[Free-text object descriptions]
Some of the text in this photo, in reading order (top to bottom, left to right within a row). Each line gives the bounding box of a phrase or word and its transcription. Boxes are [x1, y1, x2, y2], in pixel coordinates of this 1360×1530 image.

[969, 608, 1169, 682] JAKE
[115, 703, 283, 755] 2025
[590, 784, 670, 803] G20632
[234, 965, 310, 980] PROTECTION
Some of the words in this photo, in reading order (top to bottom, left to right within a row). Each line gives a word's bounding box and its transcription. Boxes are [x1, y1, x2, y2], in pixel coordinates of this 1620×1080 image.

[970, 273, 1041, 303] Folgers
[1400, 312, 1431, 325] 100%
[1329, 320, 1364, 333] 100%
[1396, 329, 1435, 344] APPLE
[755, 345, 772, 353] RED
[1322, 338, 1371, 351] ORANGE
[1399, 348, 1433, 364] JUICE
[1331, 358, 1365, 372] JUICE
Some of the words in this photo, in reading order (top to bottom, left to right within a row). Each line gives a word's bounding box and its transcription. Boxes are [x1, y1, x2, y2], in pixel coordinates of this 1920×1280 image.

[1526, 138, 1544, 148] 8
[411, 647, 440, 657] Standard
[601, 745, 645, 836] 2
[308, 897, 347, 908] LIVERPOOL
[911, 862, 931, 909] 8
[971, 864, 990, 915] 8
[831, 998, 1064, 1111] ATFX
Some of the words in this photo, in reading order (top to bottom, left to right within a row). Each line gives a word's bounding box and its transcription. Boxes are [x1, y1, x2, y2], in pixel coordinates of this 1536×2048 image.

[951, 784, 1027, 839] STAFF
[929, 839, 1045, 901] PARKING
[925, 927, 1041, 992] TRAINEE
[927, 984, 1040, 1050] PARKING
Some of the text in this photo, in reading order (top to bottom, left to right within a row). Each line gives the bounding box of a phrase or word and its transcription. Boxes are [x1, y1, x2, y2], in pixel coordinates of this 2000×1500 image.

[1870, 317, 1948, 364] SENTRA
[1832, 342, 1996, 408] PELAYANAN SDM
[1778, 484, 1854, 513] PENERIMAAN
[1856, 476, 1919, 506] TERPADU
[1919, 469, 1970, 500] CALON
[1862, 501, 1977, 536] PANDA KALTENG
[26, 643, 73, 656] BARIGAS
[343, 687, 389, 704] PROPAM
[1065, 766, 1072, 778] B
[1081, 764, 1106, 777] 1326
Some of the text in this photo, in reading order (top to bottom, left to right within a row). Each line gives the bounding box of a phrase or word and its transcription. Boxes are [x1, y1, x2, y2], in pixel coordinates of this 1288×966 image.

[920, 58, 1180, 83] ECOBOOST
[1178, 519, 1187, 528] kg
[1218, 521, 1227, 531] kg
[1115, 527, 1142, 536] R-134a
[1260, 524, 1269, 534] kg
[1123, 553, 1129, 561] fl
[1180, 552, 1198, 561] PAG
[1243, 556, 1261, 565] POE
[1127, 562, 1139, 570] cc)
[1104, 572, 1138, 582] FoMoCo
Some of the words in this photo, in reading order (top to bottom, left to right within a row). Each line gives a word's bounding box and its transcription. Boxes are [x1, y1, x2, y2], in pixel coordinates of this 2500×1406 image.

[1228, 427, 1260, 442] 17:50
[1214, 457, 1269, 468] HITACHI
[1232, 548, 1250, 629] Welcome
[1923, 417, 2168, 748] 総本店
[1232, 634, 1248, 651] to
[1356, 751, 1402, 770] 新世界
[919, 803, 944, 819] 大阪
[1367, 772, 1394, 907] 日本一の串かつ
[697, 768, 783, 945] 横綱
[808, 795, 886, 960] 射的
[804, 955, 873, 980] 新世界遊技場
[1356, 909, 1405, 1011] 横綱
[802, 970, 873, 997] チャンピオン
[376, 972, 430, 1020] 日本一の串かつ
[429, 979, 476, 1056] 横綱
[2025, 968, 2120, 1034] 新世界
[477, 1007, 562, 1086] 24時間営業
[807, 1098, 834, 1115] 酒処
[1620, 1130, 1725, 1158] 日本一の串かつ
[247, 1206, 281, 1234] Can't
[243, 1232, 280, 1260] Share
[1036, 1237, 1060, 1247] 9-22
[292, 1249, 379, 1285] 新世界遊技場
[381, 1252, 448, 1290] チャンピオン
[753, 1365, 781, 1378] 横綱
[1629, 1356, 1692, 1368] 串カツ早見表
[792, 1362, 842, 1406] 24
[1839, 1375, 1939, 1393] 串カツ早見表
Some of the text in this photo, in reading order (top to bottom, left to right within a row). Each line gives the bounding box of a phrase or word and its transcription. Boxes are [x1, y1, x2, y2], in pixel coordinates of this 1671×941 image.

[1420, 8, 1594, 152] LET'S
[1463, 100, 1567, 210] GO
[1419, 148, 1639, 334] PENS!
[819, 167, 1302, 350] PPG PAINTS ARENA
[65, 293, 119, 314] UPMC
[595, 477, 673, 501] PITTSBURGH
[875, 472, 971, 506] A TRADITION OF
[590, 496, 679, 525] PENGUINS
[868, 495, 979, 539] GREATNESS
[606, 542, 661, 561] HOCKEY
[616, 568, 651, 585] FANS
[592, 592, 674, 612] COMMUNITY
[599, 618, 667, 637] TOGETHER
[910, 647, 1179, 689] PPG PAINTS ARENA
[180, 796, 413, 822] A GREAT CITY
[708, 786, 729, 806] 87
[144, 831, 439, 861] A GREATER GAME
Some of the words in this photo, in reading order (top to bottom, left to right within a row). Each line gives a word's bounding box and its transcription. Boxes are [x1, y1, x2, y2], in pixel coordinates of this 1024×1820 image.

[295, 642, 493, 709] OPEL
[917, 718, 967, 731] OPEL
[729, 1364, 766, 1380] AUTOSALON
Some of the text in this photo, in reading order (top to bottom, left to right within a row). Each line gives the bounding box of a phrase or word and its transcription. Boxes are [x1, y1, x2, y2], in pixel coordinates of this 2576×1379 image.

WORK INSTRUCTION ▸ Copy the records above, keeping each line identical.

RESPONSE ▸
Some of the text in this photo, in reading order (top to bottom, left to right within a row). Each line gives the bounding box of a phrase or word and its transcription. Boxes are [x1, y1, x2, y2], in pixel coordinates of this 1360×1530 image.

[969, 608, 1169, 682] JAKE
[115, 703, 283, 755] 2025
[590, 784, 670, 803] G20632
[234, 965, 310, 980] PROTECTION
Some of the words in this photo, in reading order (top to bottom, left to right within a row). Each line gives a word's bounding box and its transcription. Boxes are [x1, y1, x2, y2], in pixel coordinates of this 1620×1080 image.

[970, 273, 1041, 303] Folgers
[1400, 312, 1431, 325] 100%
[1329, 320, 1364, 333] 100%
[1396, 329, 1435, 344] APPLE
[755, 345, 772, 353] RED
[1322, 338, 1371, 351] ORANGE
[1399, 348, 1433, 364] JUICE
[1331, 358, 1365, 372] JUICE
Some of the words in this photo, in reading order (top to bottom, left to right within a row). Each line gives a word's bounding box and its transcription. Boxes are [x1, y1, x2, y2], in pixel coordinates of this 1920×1280 image.

[1526, 138, 1544, 148] 8
[411, 647, 440, 657] Standard
[601, 745, 645, 836] 2
[308, 897, 347, 908] LIVERPOOL
[911, 862, 931, 909] 8
[971, 864, 990, 915] 8
[831, 998, 1064, 1111] ATFX
Some of the words in this photo, in reading order (top to bottom, left to right within a row). Each line gives a word's bounding box and its transcription. Boxes are [x1, y1, x2, y2], in pixel coordinates of this 1536×2048 image.

[951, 784, 1027, 839] STAFF
[929, 839, 1045, 901] PARKING
[925, 927, 1041, 992] TRAINEE
[927, 984, 1040, 1050] PARKING
Some of the text in this photo, in reading order (top to bottom, left to right within a row). Each line gives the bounding box of a phrase or word and its transcription. Boxes are [x1, y1, x2, y2], in pixel coordinates of this 2000×1500 image.

[1870, 317, 1948, 364] SENTRA
[1832, 342, 1996, 408] PELAYANAN SDM
[1778, 484, 1854, 513] PENERIMAAN
[1856, 476, 1919, 506] TERPADU
[1919, 469, 1970, 500] CALON
[1862, 501, 1977, 536] PANDA KALTENG
[26, 643, 73, 656] BARIGAS
[343, 687, 389, 704] PROPAM
[1065, 766, 1072, 778] B
[1081, 764, 1106, 777] 1326
Some of the text in this photo, in reading order (top to bottom, left to right within a row). Each line gives the bounding box of a phrase or word and its transcription. Boxes are [x1, y1, x2, y2], in pixel coordinates of this 1288×966 image.

[920, 58, 1180, 83] ECOBOOST
[1178, 519, 1187, 528] kg
[1218, 521, 1227, 531] kg
[1115, 527, 1142, 536] R-134a
[1260, 524, 1269, 534] kg
[1123, 553, 1129, 561] fl
[1180, 552, 1198, 561] PAG
[1243, 556, 1261, 565] POE
[1127, 562, 1139, 570] cc)
[1104, 572, 1138, 582] FoMoCo
Some of the words in this photo, in reading order (top to bottom, left to right within a row). Each line gives a word's bounding box and its transcription. Boxes are [x1, y1, x2, y2], in pixel coordinates of this 2500×1406 image.

[1228, 427, 1260, 442] 17:50
[1214, 457, 1269, 468] HITACHI
[1232, 548, 1250, 629] Welcome
[1923, 417, 2168, 748] 総本店
[1232, 634, 1248, 651] to
[1356, 751, 1402, 770] 新世界
[919, 803, 944, 819] 大阪
[1367, 772, 1394, 907] 日本一の串かつ
[697, 768, 783, 945] 横綱
[808, 795, 886, 960] 射的
[804, 955, 873, 980] 新世界遊技場
[1356, 909, 1405, 1011] 横綱
[802, 970, 873, 997] チャンピオン
[376, 972, 430, 1020] 日本一の串かつ
[429, 979, 476, 1056] 横綱
[2025, 968, 2120, 1034] 新世界
[477, 1007, 562, 1086] 24時間営業
[807, 1098, 834, 1115] 酒処
[1620, 1130, 1725, 1158] 日本一の串かつ
[247, 1206, 281, 1234] Can't
[243, 1232, 280, 1260] Share
[1036, 1237, 1060, 1247] 9-22
[292, 1249, 379, 1285] 新世界遊技場
[381, 1252, 448, 1290] チャンピオン
[753, 1365, 781, 1378] 横綱
[1629, 1356, 1692, 1368] 串カツ早見表
[792, 1362, 842, 1406] 24
[1839, 1375, 1939, 1393] 串カツ早見表
Some of the text in this photo, in reading order (top to bottom, left to right within a row). Each line gives the bounding box of a phrase or word and its transcription. Boxes are [x1, y1, x2, y2], in pixel coordinates of this 1671×941 image.

[1420, 8, 1594, 152] LET'S
[1463, 100, 1567, 210] GO
[1419, 148, 1639, 334] PENS!
[819, 167, 1302, 350] PPG PAINTS ARENA
[65, 293, 119, 314] UPMC
[595, 477, 673, 501] PITTSBURGH
[875, 472, 971, 506] A TRADITION OF
[590, 496, 679, 525] PENGUINS
[868, 495, 979, 539] GREATNESS
[606, 542, 661, 561] HOCKEY
[616, 568, 651, 585] FANS
[592, 592, 674, 612] COMMUNITY
[599, 618, 667, 637] TOGETHER
[910, 647, 1179, 689] PPG PAINTS ARENA
[180, 796, 413, 822] A GREAT CITY
[708, 786, 729, 806] 87
[144, 831, 439, 861] A GREATER GAME
Some of the words in this photo, in reading order (top to bottom, left to right within a row). Each line gives a word's bounding box and its transcription. Boxes are [x1, y1, x2, y2], in pixel coordinates of this 1024×1820 image.

[295, 642, 493, 709] OPEL
[917, 718, 967, 731] OPEL
[729, 1364, 766, 1380] AUTOSALON
Some of the text in this photo, in reading order (top to bottom, left to right within a row). Each line gives the bounding box of a phrase or word and its transcription. Boxes are [x1, y1, x2, y2], in pixel coordinates of this 2576×1379 image.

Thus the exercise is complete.